Employment Agreements
We have entered into employment agreements with each of our executive officers. Under these agreements, each of our executive officers is employed for a period ranging from approximately 12 months to 39 months. We may terminate an executive officer’s employment at any time, without notice or remuneration, for certain acts of the officer, including a conviction of a criminal offense or a failure to perform agreed duties.
Furthermore, an executive officer may terminate the employment at any time without cause upon advance notice to us. According to PRC law and our employment agreements governed by PRC law, we may terminate the employment of an employee with 30 days’ written notice or upon payment of one month’s salary in lieu of such notice, if this employee suffers from an illness or has sustained an injury that is not work-related and is unable to resume his work or is continuously incompetent for his job after training, or if there is a material change in the circumstances pursuant to which his employment agreement was entered into and the employee can neither perform his original contract nor reach an agreement on an amendment with us. Under such circumstances, such employee will be entitled to severance pay as required by PRC law. Under PRC law, we cannot terminate the employment with an employee without cause.

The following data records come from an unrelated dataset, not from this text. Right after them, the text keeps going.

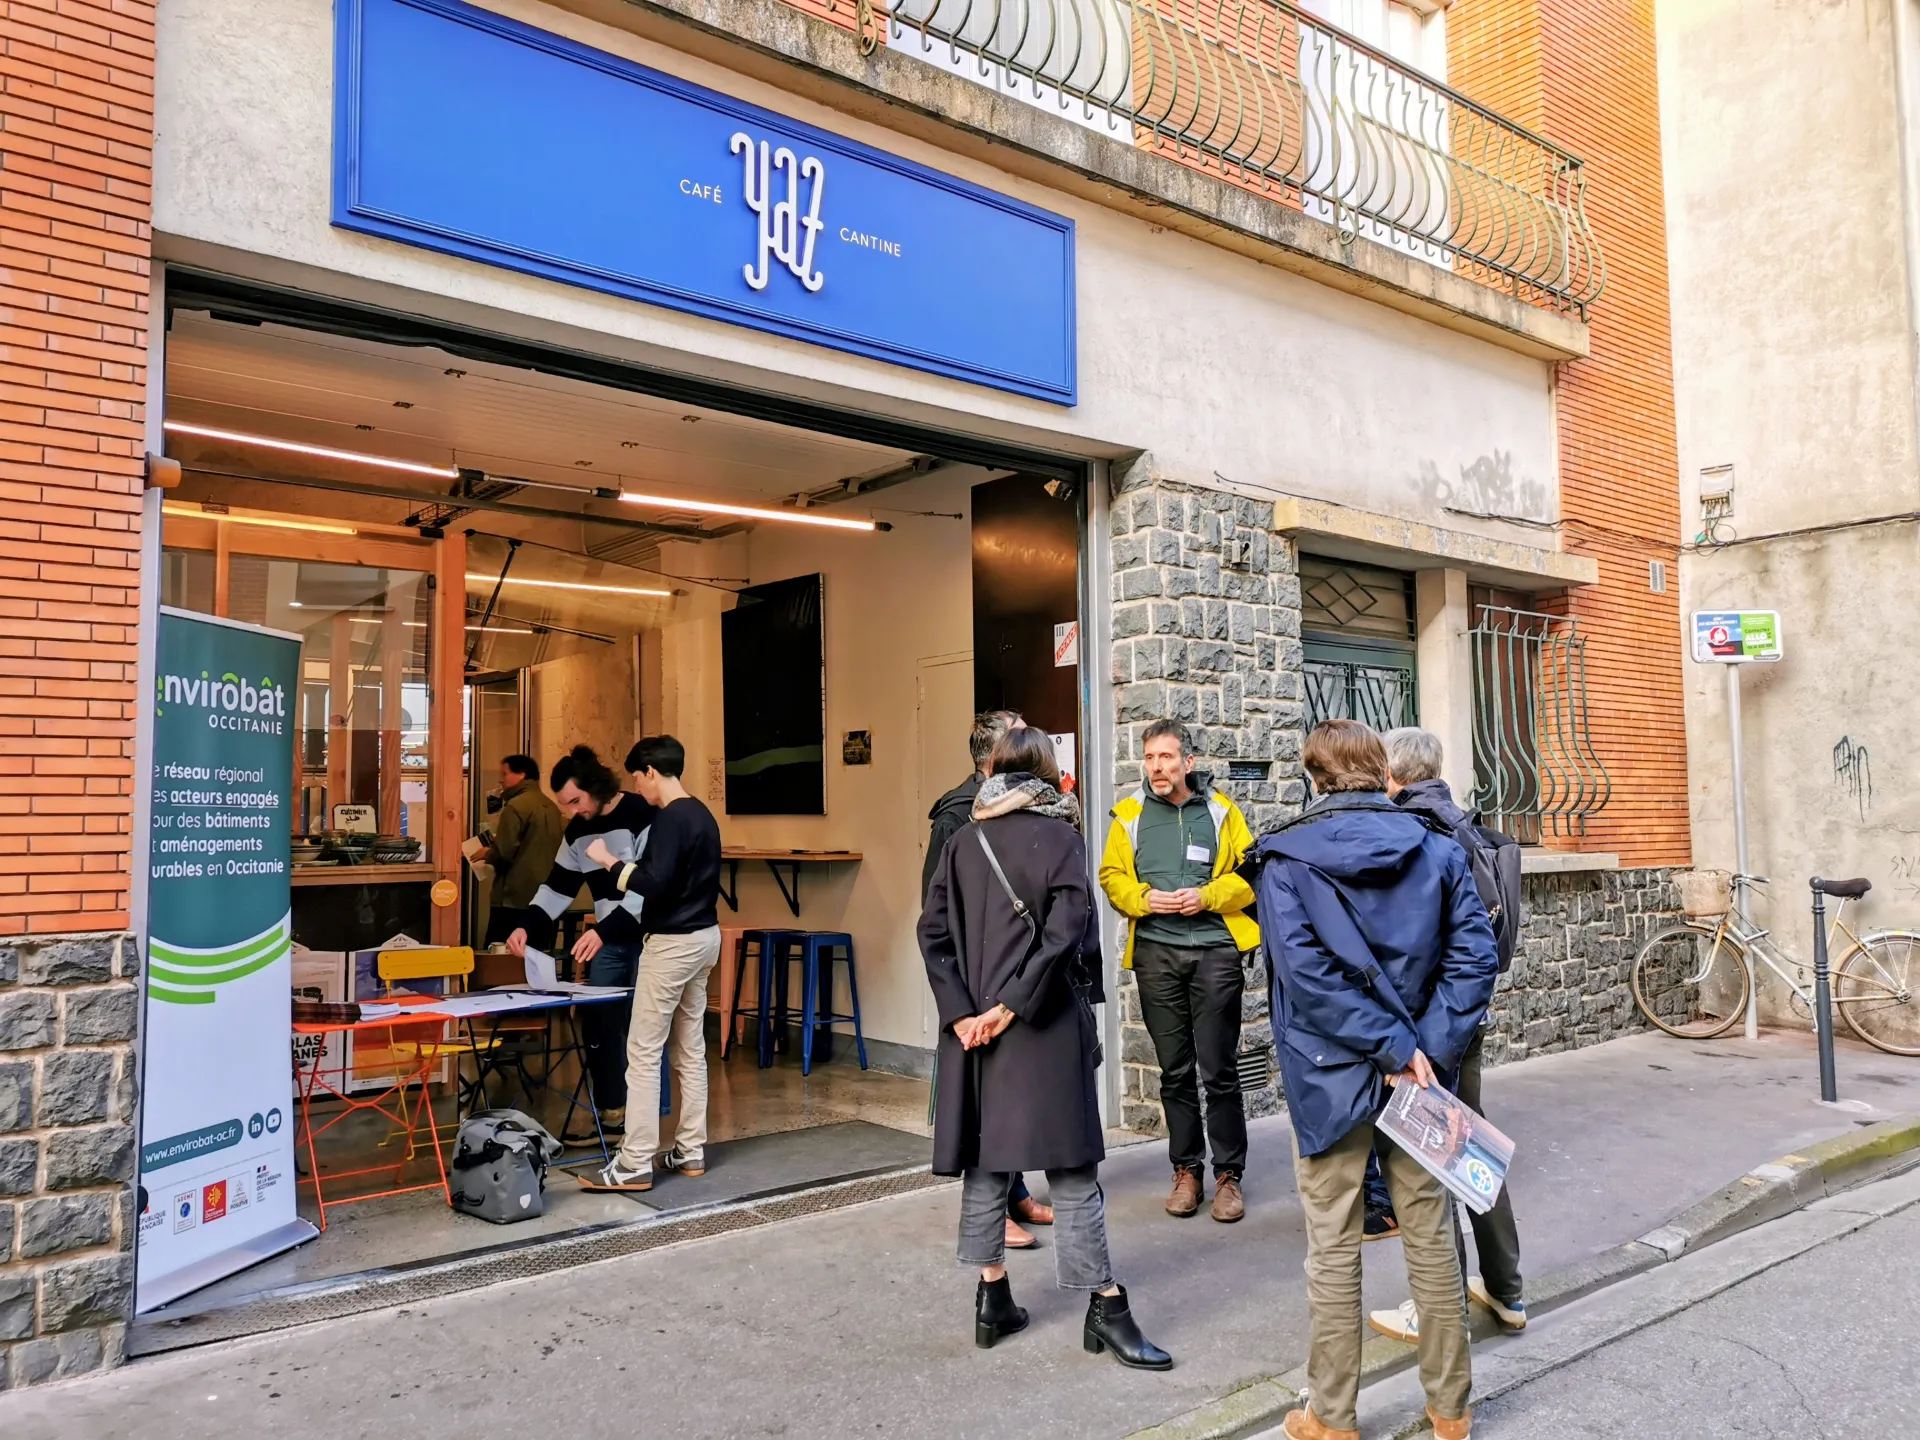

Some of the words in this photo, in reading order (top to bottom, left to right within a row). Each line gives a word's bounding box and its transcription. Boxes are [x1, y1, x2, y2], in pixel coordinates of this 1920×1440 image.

[679, 179, 722, 204] CAFÉ
[839, 227, 901, 257] CANTINE
[208, 714, 283, 735] OCCITANIE
[164, 761, 210, 780] réseau
[214, 766, 263, 785] régional
[171, 789, 222, 804] acteurs
[226, 790, 279, 808] engagés
[177, 812, 201, 828] des
[205, 812, 270, 828] bâtiments
[160, 835, 263, 855] aménagements
[152, 860, 203, 878] urables
[207, 863, 223, 876] en
[226, 858, 284, 875] Occitanie
[292, 1034, 322, 1049] LAS
[145, 1126, 237, 1164] www.envirobat-oc.fr

Each executive officer has agreed to hold in strict confidence any confidential information of our company. Each executive officer has also agreed to disclose in confidence to us all designs or other work which he develops and assign all right, title and interest in them to us. In addition, each executive officer has agreed to be bound by non-competition and non-solicitation restrictions set forth in his agreement. We have agreed to pay each of our executives compensation equal to 18 months of the local minimum salary for his compliance with non-competition obligations during the specified period after the termination of his employment.
B. Compensation
For the year ended December 31, 2014, we paid an aggregate of approximately RMB1.6 million ($0.3 million) in cash to our executive officers and an aggregate of RMB0.3 million ($0.05 million) in cash to our independent directors. Our executive officers are not and will not be compensated, directly or indirectly, by any affiliated entity, including our subsidiaries, for services rendered to us. For options granted to our executive officers and directors, see “—Share Incentive Plan.”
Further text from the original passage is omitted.